From the input data.frame, the function displays vintages considering three different data structures or views: vertical, horizontal and diagonal. See the `details` section below for more information on the different views. The function returns an object of class `rjd3rev_vintages` that can be used as input in the main function `revision_analysis`.

The are four different vintage views:

1. The vertical view shows the observed values at each time period by the different vintages. This approach is robust to changes of base year and data redefinition. A drawback of this approach is that for comparing the same historical series for different vintages, we need to look at the smallest common number of observations and consequently the number of observations is in some circumstances very small. Moreover, it is often the the case that most of the revision is about the last few points of the series so that the number of observations is too small to test anything.

2. The horizontal view shows the observed values of the different vintages by the period. A quick analysis can be performed by rows in order to see how for the same data point (e.g. 2023Q1), figures are first estimated, then forecasted and finally revised. The main findings are usually obvious: in most cases the variance decreases, namely data converge towards the 'true value'. Horizontal tables are just a transpose of vertical tables and are not used in the tests in `revision_analysis`.

3. The diagonal view shows subsequent releases of a given time period, without regard for the date of publication. The advantage of the diagonal approach is that it gives a way to analyse the trade between the timing of the release and the accuracy of the published figures. It is particularly informative when regular estimation intervals exist for the data under study. However, this approach requires to be particularly vigilant in case there is a change in base year or data redefinition.
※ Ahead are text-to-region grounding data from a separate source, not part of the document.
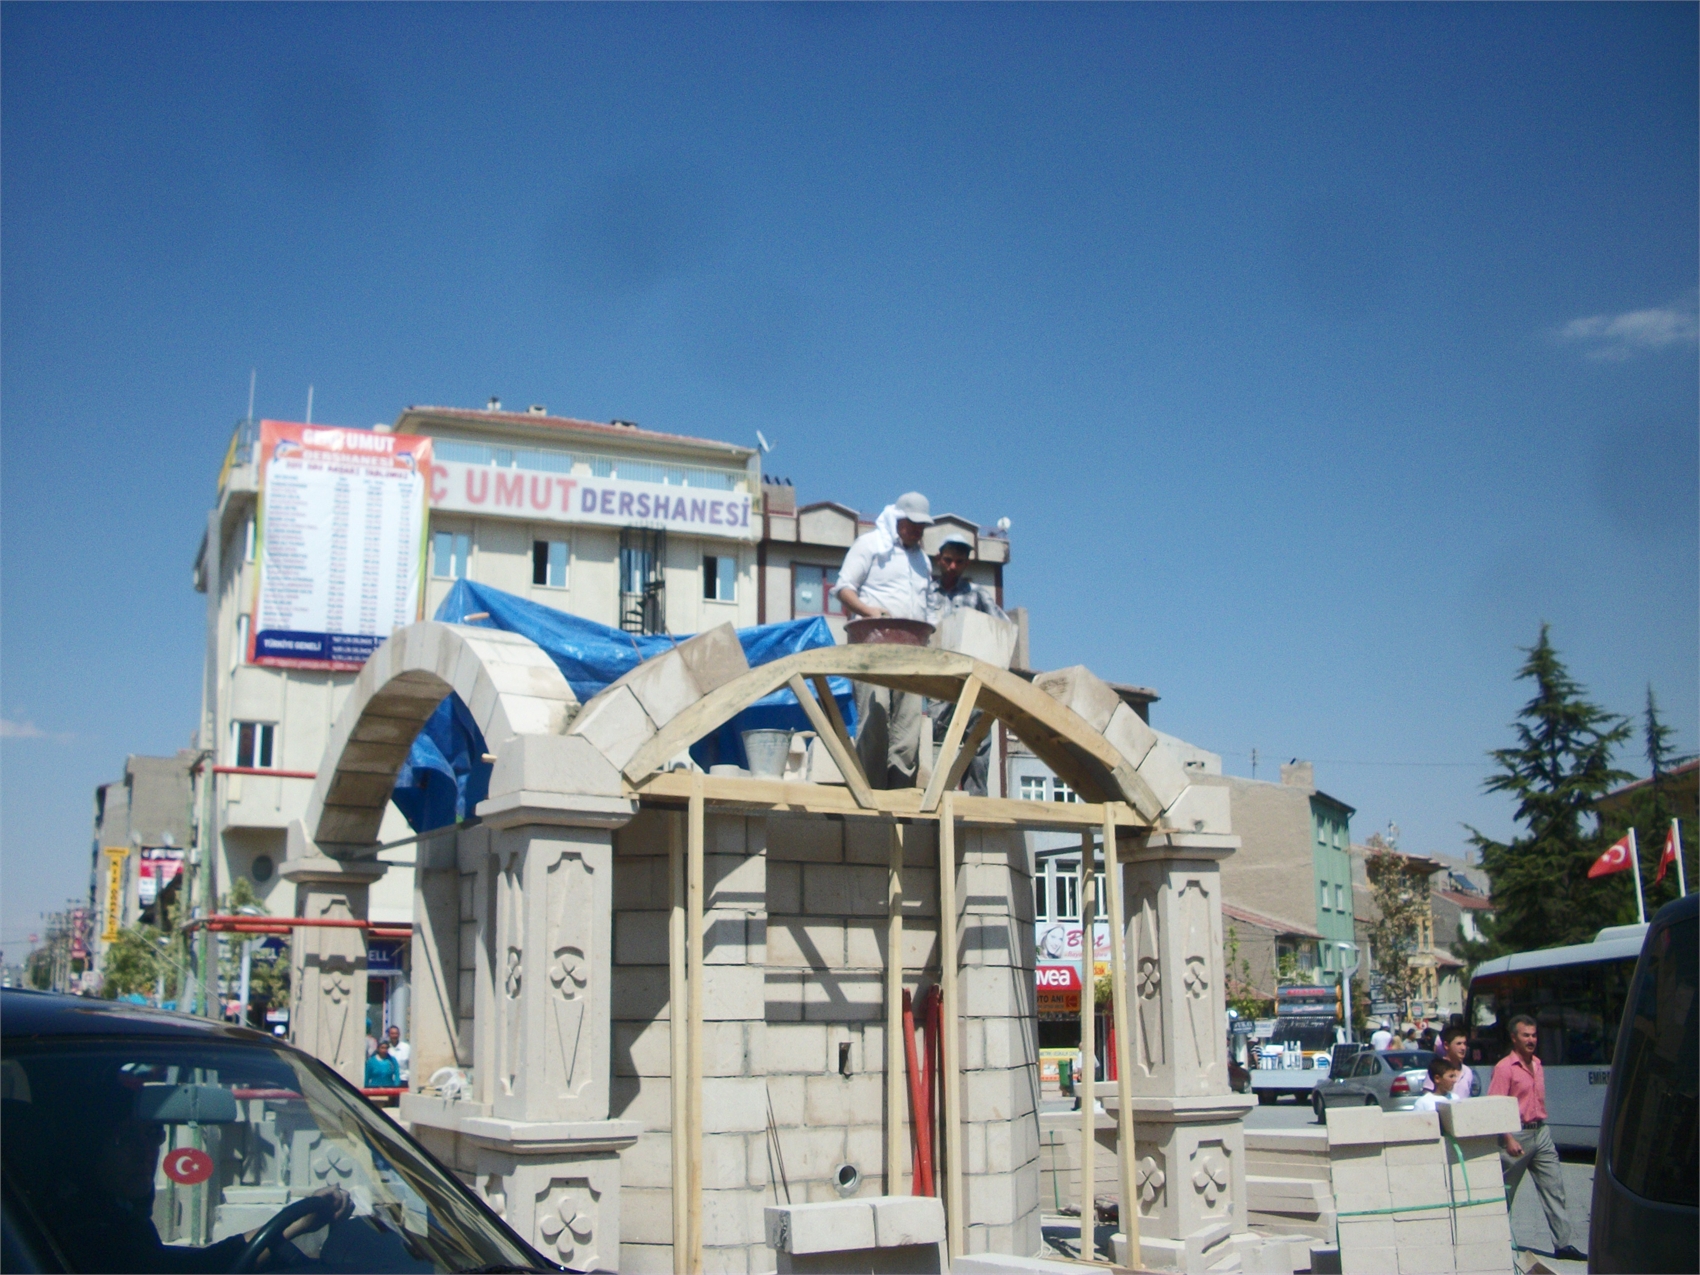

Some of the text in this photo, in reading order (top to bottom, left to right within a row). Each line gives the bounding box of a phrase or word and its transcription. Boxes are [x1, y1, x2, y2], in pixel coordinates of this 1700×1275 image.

[346, 432, 396, 453] UMUT
[465, 468, 577, 512] UMUT
[580, 487, 750, 527] DERSHANESİ
[1037, 995, 1049, 1003] TO
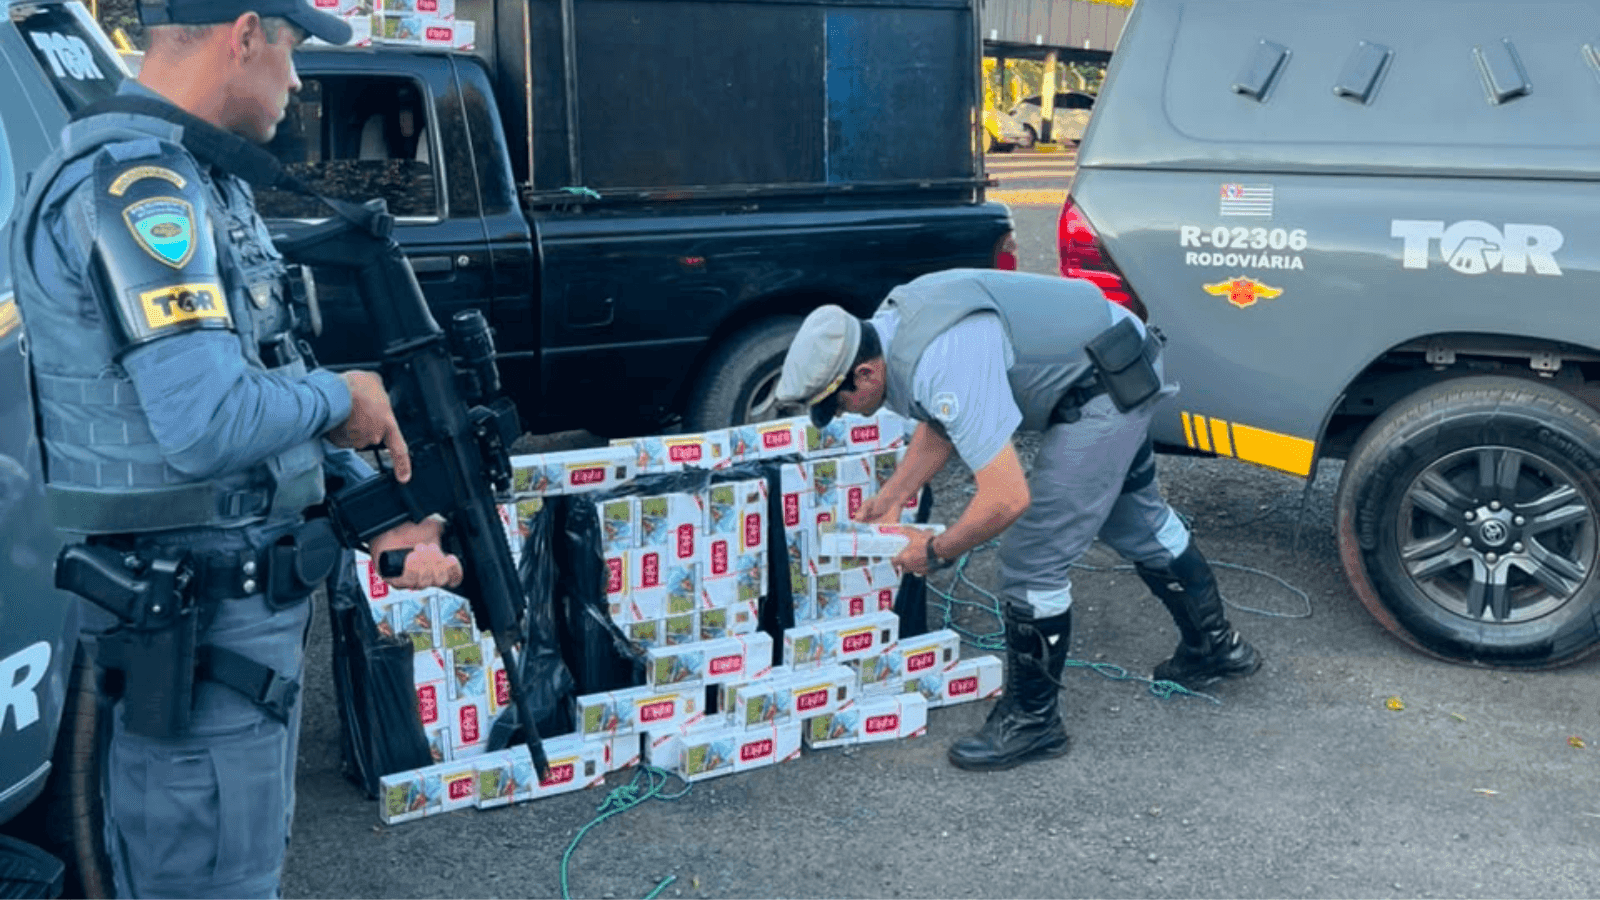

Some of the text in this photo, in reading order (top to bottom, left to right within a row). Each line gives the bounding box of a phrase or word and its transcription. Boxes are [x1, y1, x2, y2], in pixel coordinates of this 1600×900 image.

[30, 31, 104, 80] TOR
[1180, 226, 1307, 251] R-02306
[1391, 219, 1563, 276] TOR
[1186, 251, 1304, 270] RODOVIÁRIA
[152, 289, 217, 317] TOR
4. The long view is a representation of data that allows information to be grouped together in order to facilitate their manipulation. With 3 columns (1 column for the time period, 1 column for the publication / revision date and one column for the data), this representation allows for efficient and non-redundant storage of data.

Examples

## creating the input

# Long format
long_view <- data.frame(
    rev_date = rep(x = c("2022-07-31", "2022-08-31", "2022-09-30", "2022-10-31",
                         "2022-11-30", "2022-12-31", "2023-01-31", "2023-02-28"),
                   each = 4L),
    time_period = rep(x = c("2022Q1", "2022Q2", "2022Q3", "2022Q4"), times = 8L),
    obs_values = c(
        .8, .2, NA, NA, .8, .1, NA, NA,
        .7, .1, NA, NA, .7, .2, .5, NA,
        .7, .2, .5, NA, .7, .3, .7, NA,
        .7, .2, .7, .4, .7, .3, .7, .3
    )
)

vintages_1 <- create_vintages(x = long_view, type = "long", periodicity = 4)

# Horizontal format
horizontal_view <- matrix(data = c(.8, .8, .7, .7, .7, .7, .7, .7, .2, .1,
                            .1, .2, .2, .3, .2, .3, NA, NA, NA, .5, .5, .7, .7,
                            .7, NA, NA, NA, NA, NA, NA, .4, .3),
                          ncol = 4)
colnames(horizontal_view) <- c("2022Q1", "2022Q2", "2022Q3", "2022Q4")
rownames(horizontal_view) <- c("2022-07-31", "2022-08-31", "2022-09-30", "2022-10-31",
                               "2022-11-30", "2022-12-31", "2023-01-31", "2023-02-28")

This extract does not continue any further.